Kimberly Wasserman, executive director of the Little Village Environmental Justice Organization (LVEJO), said she supports proposals to give residents more access to electric vehicles and the benefits of transportation electrification. But the health impacts of such proposals are small compared to the risk posed by pollution from industry and scores of trucks in the neighborhood.
“Access to the technology and electrification are all important, but it has to be within the larger context of what is the community already dealing with,” Wasserman said. “We can’t just substitute in the electrification of vehicles without talking about the larger issue of how Chicago is going to grow around the movement of goods, being a hub for transportation.”

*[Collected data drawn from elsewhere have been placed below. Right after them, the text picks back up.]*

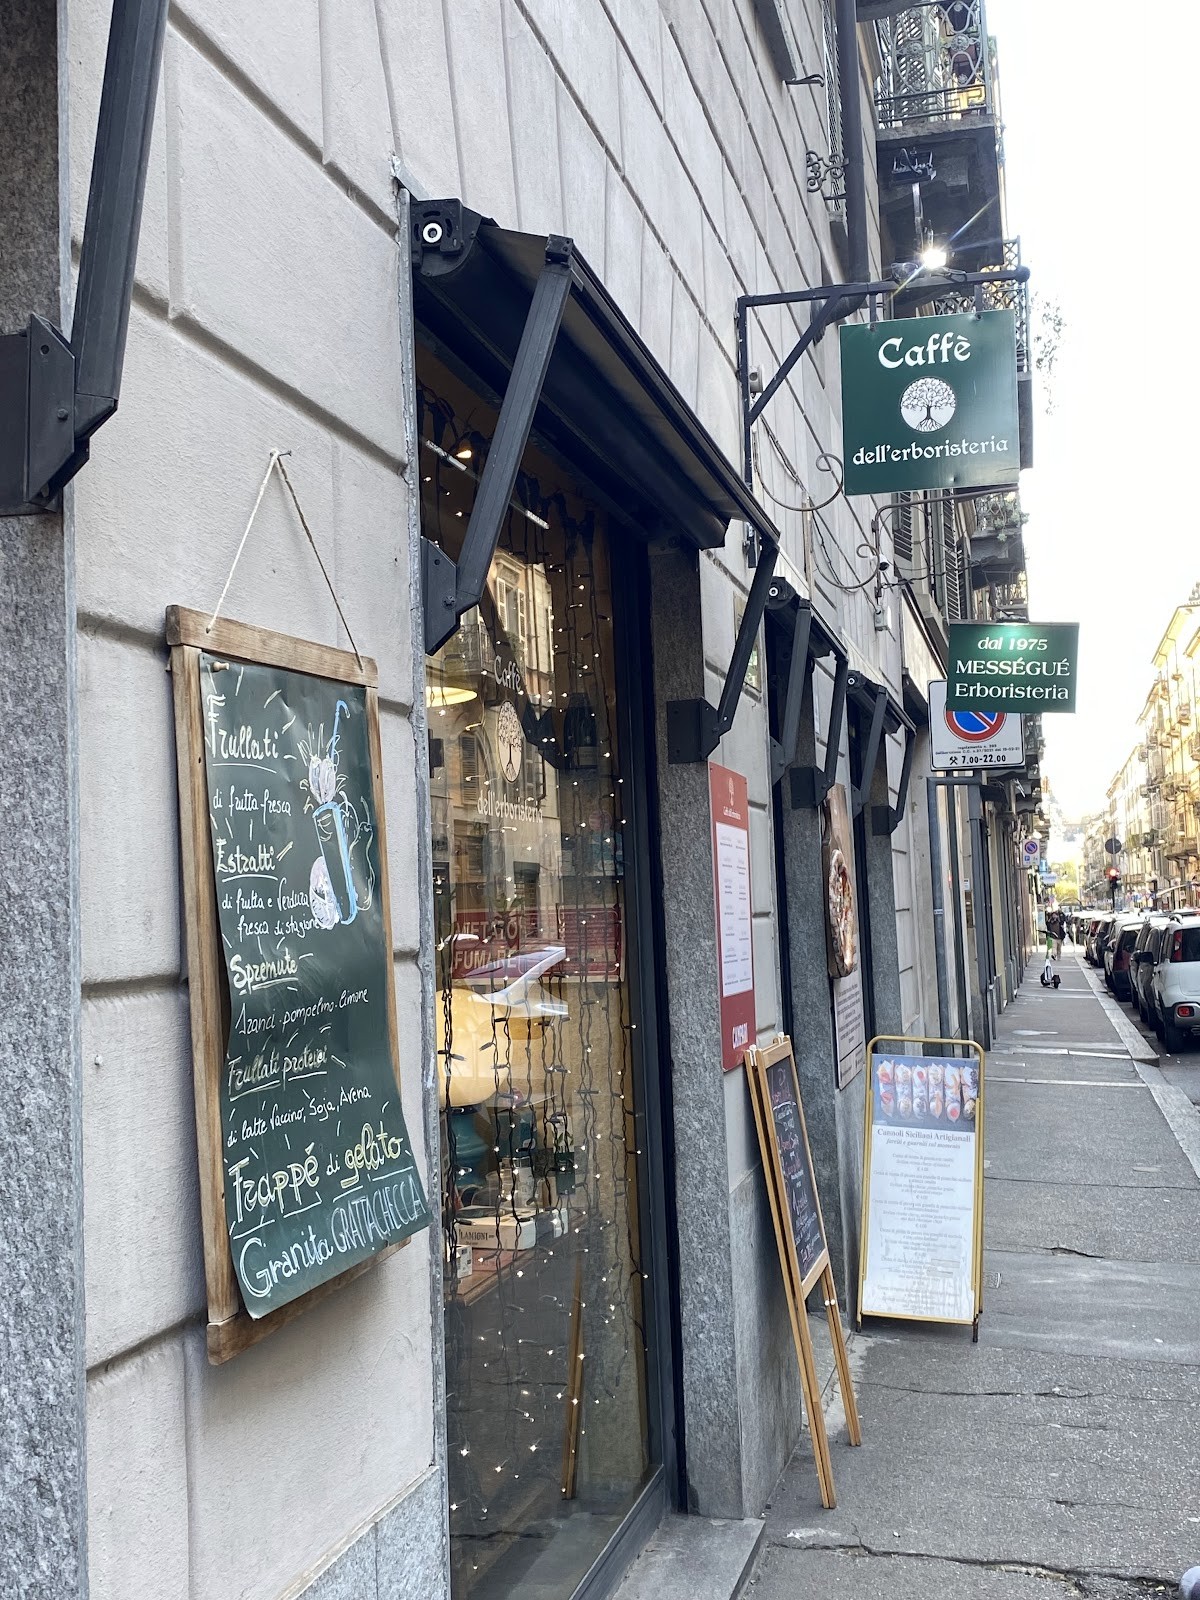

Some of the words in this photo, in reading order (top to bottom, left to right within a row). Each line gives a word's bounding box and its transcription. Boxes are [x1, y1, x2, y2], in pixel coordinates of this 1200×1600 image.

[878, 332, 971, 369] Caffè
[852, 435, 1008, 465] dell'erboristeria
[978, 637, 1003, 650] dal
[1008, 638, 1048, 651] 1975
[494, 655, 521, 692] Caffè
[955, 657, 1070, 676] MESSÉGUÉ
[954, 682, 1069, 700] Erboristeria
[207, 694, 279, 760] Frullati
[213, 788, 223, 809] di
[229, 785, 259, 816] frutta
[260, 789, 292, 825] fresca
[477, 790, 544, 824] dell'erboristeria
[216, 838, 276, 873] Estratti
[222, 893, 233, 909] di
[236, 888, 265, 914] frutta
[237, 915, 270, 942] fresca
[230, 948, 298, 994] Spremute
[228, 1050, 280, 1095] Frullati
[227, 1131, 238, 1148] di
[241, 1118, 268, 1140] latte
[229, 1142, 320, 1222] Frappé
[326, 1155, 340, 1176] di
[340, 1122, 403, 1188] gelato
[239, 1225, 333, 1297] Granita
[331, 1174, 426, 1253] GRATTACHECCA

CUB’s report notes the large share of emissions released by trucks, and the growing viability of electric trucks. “E-truck and commercial fleet charging depots can be incentivized to locate where the existing grid has sufficient capacity for their high loads, so investment in new distribution infrastructure can be avoided,” the paper says. “These locations are often in low-income areas where de-industrialization has occurred — exactly the neighborhoods where there is a vital need for both non-polluting vehicles and new jobs.”

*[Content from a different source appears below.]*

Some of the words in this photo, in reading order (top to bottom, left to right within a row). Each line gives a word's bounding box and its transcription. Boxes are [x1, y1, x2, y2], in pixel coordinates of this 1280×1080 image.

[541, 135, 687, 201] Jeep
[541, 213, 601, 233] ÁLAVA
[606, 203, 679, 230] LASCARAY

Wasserman, however, said that trucks pose safety risks beyond pollution, and the community doesn’t want any more trucks, electric or otherwise. She added that amenities like an electric vehicle car-sharing service or charging stations raise concerns about gentrification, since they may draw new residents to the area.

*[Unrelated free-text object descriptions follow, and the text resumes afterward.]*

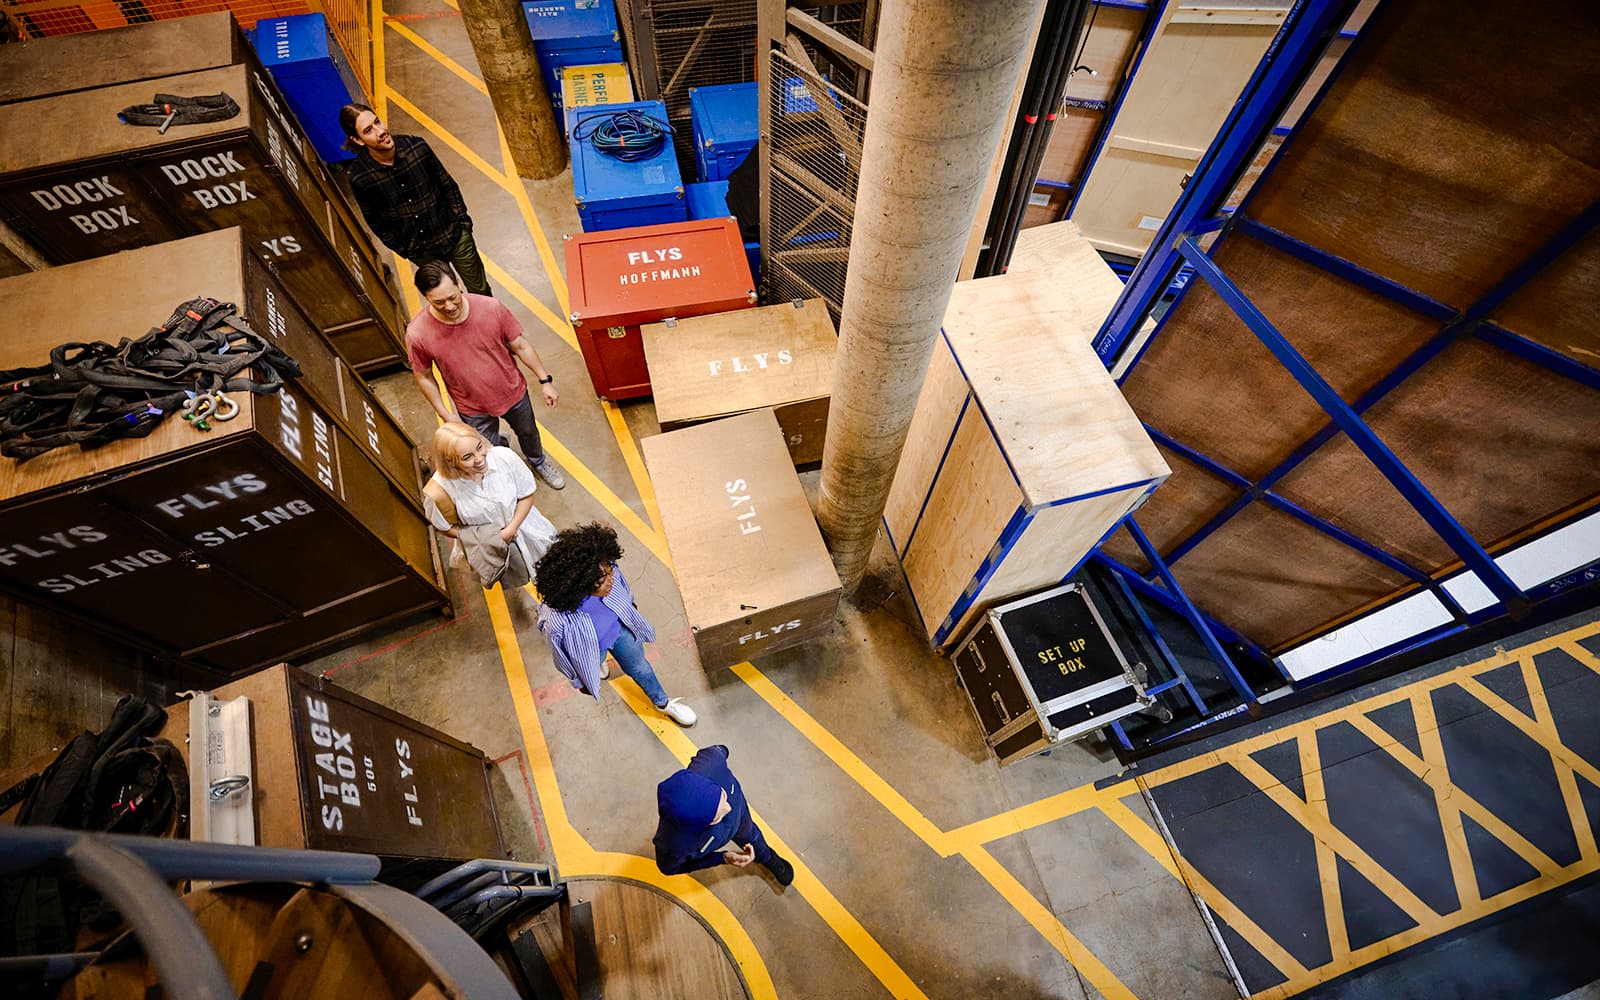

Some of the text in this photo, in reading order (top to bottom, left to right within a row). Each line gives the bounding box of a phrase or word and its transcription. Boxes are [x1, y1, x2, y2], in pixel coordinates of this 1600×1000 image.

[275, 21, 288, 38] TRIP
[160, 151, 246, 186] DOCK
[30, 176, 125, 211] DOCK
[192, 181, 257, 209] BOX
[69, 206, 140, 234] BOX
[261, 235, 302, 260] YS
[627, 247, 682, 266] FLYS
[619, 265, 701, 286] HOFFMANN
[708, 349, 793, 377] FLYS
[279, 387, 302, 461] FLYS
[363, 399, 381, 456] FLYS
[312, 411, 334, 492] SLING
[155, 473, 268, 519] FLYS
[725, 478, 762, 536] FLYS
[194, 499, 316, 548] SLING
[0, 525, 108, 567] FLYS
[37, 549, 172, 594] SLING
[738, 618, 802, 646] FLYS
[1037, 638, 1087, 665] SET UP
[1057, 656, 1087, 676] BOX
[306, 695, 344, 831] STAGE
[331, 727, 361, 807] BOX
[395, 737, 423, 827] FLYS

“I’m all for these conversations,” she said, but stakeholders in communities need to be deeply involved so policies are crafted with “an understanding of the realities on the ground.”
Juliana Pino, policy director of LVEJO, said she wants to see transportation electrification move forward, and supports passage of CEJA, which also increases incentives for solar including specifically in targeted communities. She noted that CEJA was drafted with input from residents in environmental justice and other communities during more than 100 community meetings.
“A just transition of the transportation industry away from diesel and other fossil fuels must be driven by policies like these that come from the most impacted Black, brown, economically disadvantaged Illinoisans, and must benefit those communities and their health,” she said. “We support drastically reducing toxic diesel pollution in neighborhoods like Little Village dealing with its worst impacts, and creating meaningful career opportunities for these same communities in the expansion of clean transportation.”